Across the whole listing, return each line exactly, with no images included.

## Provided entries:
====================
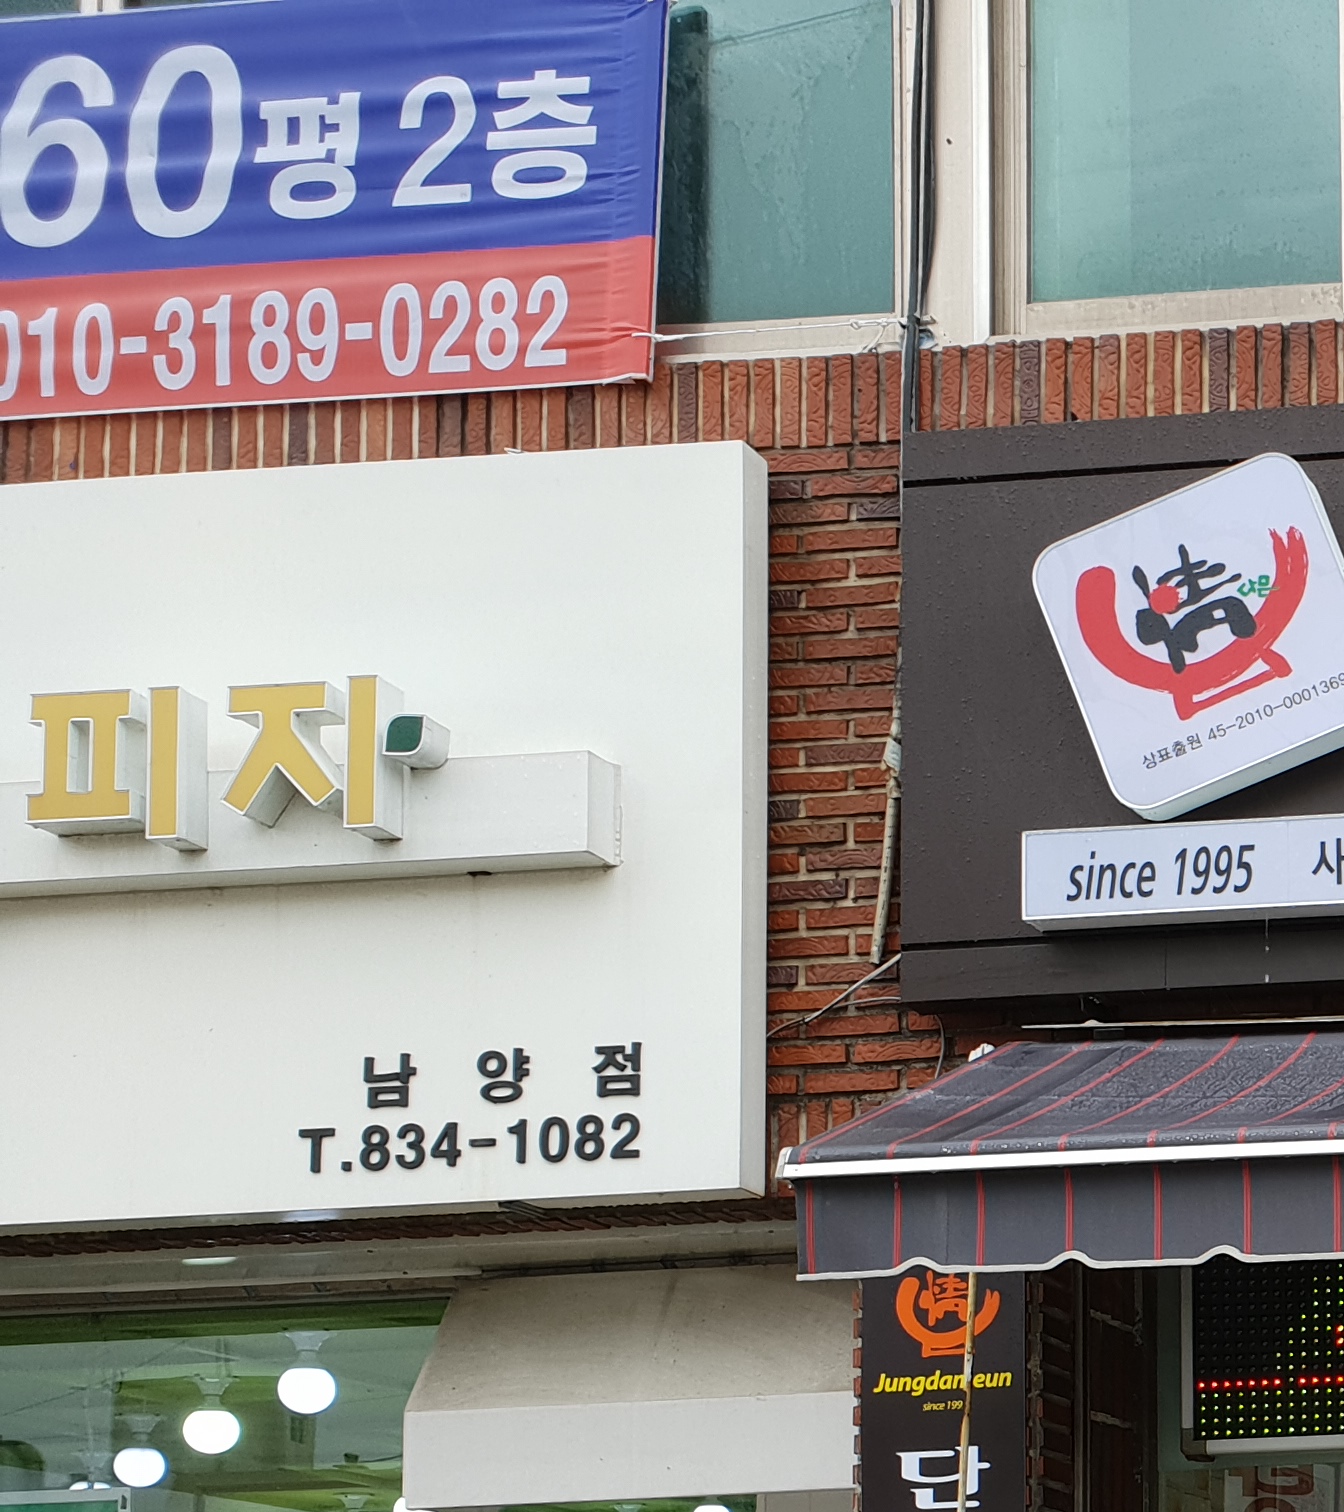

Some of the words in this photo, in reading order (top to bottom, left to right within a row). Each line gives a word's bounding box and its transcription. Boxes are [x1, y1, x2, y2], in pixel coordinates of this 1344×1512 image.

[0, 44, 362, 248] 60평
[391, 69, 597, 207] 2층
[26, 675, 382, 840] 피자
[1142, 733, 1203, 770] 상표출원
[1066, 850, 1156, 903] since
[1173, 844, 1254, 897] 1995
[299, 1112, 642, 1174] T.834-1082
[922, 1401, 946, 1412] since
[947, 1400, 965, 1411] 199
====================
## Completed exercise:
Some of the words in this photo, in reading order (top to bottom, left to right within a row). Each line gives a word's bounding box and its transcription. Boxes are [x1, y1, x2, y2], in pixel coordinates of this 1344×1512 image.

[0, 44, 362, 248] 60평
[391, 69, 597, 207] 2층
[26, 675, 382, 840] 피자
[1142, 733, 1203, 770] 상표출원
[1066, 850, 1156, 903] since
[1173, 844, 1254, 897] 1995
[299, 1112, 642, 1174] T.834-1082
[922, 1401, 946, 1412] since
[947, 1400, 965, 1411] 199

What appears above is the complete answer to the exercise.